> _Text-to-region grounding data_
:::

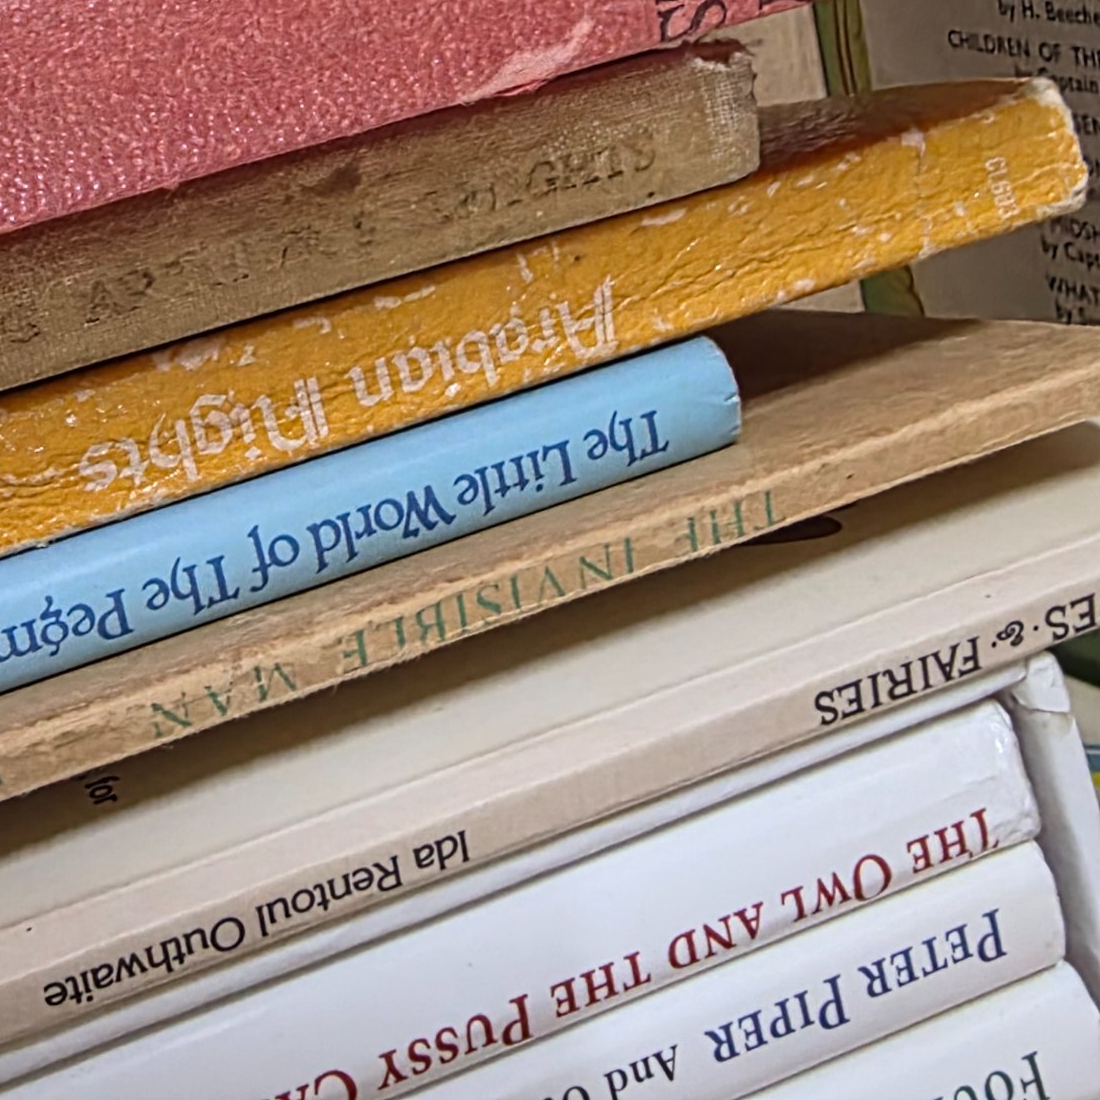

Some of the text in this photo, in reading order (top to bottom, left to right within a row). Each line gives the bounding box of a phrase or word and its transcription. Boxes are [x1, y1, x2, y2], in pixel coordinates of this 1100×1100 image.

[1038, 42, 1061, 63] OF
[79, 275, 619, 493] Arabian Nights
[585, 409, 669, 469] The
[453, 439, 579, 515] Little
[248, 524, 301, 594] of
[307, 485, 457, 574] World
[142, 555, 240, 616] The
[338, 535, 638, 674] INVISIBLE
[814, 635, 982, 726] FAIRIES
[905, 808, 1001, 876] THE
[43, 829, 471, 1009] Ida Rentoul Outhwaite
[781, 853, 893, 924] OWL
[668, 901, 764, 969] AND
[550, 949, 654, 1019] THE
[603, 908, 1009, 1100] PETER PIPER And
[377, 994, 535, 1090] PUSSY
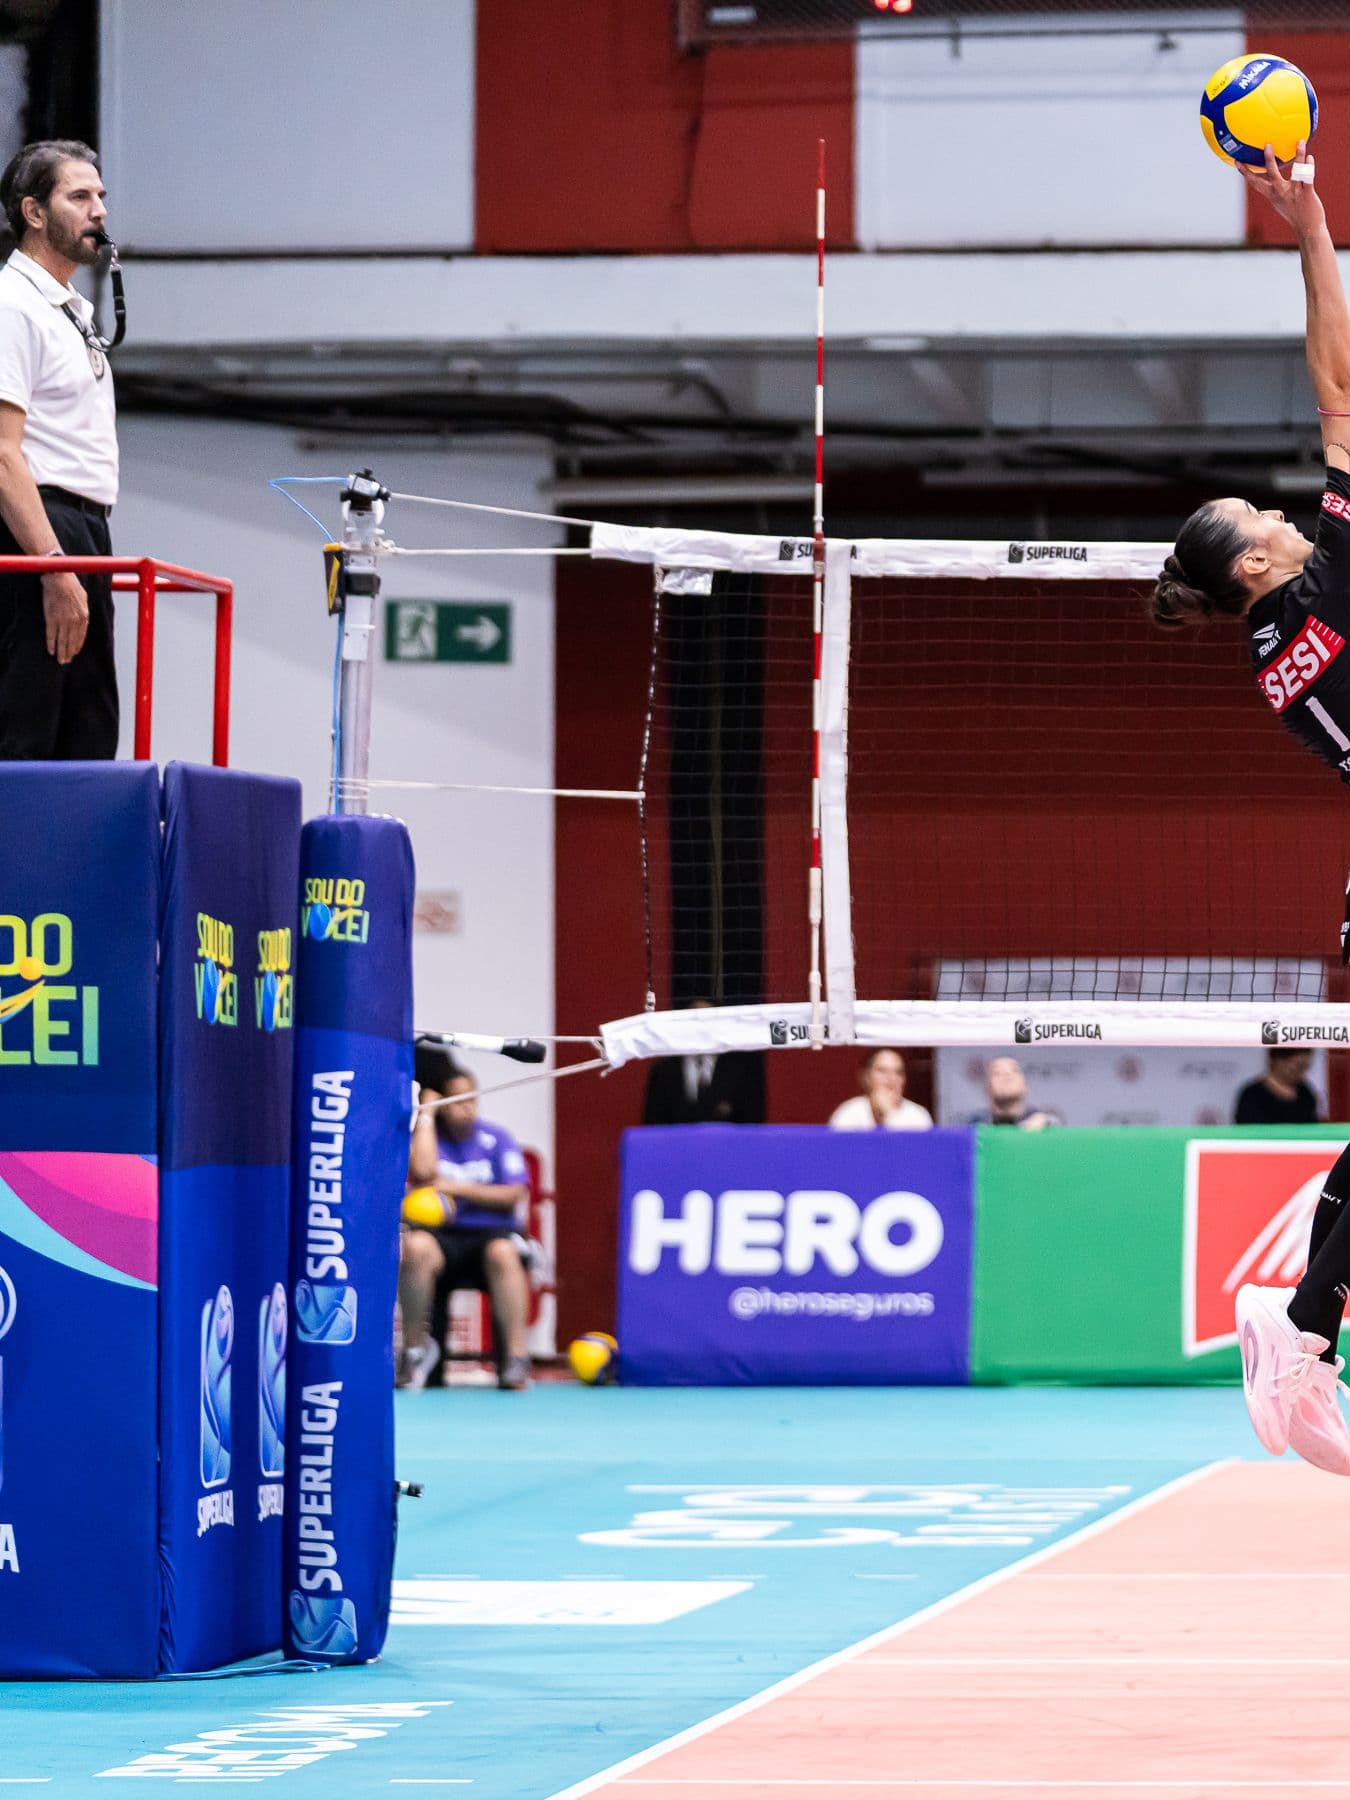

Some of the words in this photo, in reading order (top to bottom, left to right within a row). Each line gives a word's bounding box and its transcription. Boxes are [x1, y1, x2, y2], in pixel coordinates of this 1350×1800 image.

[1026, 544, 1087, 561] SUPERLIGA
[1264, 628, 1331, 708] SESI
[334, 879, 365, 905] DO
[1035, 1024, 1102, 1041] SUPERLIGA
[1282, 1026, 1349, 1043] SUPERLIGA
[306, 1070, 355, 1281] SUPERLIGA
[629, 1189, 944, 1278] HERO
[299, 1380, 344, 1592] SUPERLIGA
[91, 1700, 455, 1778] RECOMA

:::

> _Activity_
Leave out the pictures and reproduce the rest of the records exactly.

> _Result below_
Some of the text in this photo, in reading order (top to bottom, left to right within a row). Each line gives the bounding box of a phrase or word and its transcription. Boxes are [x1, y1, x2, y2], in pixel coordinates of this 1100×1100 image.

[1038, 42, 1061, 63] OF
[79, 275, 619, 493] Arabian Nights
[585, 409, 669, 469] The
[453, 439, 579, 515] Little
[248, 524, 301, 594] of
[307, 485, 457, 574] World
[142, 555, 240, 616] The
[338, 535, 638, 674] INVISIBLE
[814, 635, 982, 726] FAIRIES
[905, 808, 1001, 876] THE
[43, 829, 471, 1009] Ida Rentoul Outhwaite
[781, 853, 893, 924] OWL
[668, 901, 764, 969] AND
[550, 949, 654, 1019] THE
[603, 908, 1009, 1100] PETER PIPER And
[377, 994, 535, 1090] PUSSY

Some of the words in this photo, in reading order (top to bottom, left to right within a row). Each line gives a word's bounding box and its transcription. Boxes are [x1, y1, x2, y2], in pixel coordinates of this 1350×1800 image.

[1026, 544, 1087, 561] SUPERLIGA
[1264, 628, 1331, 708] SESI
[334, 879, 365, 905] DO
[1035, 1024, 1102, 1041] SUPERLIGA
[1282, 1026, 1349, 1043] SUPERLIGA
[306, 1070, 355, 1281] SUPERLIGA
[629, 1189, 944, 1278] HERO
[299, 1380, 344, 1592] SUPERLIGA
[91, 1700, 455, 1778] RECOMA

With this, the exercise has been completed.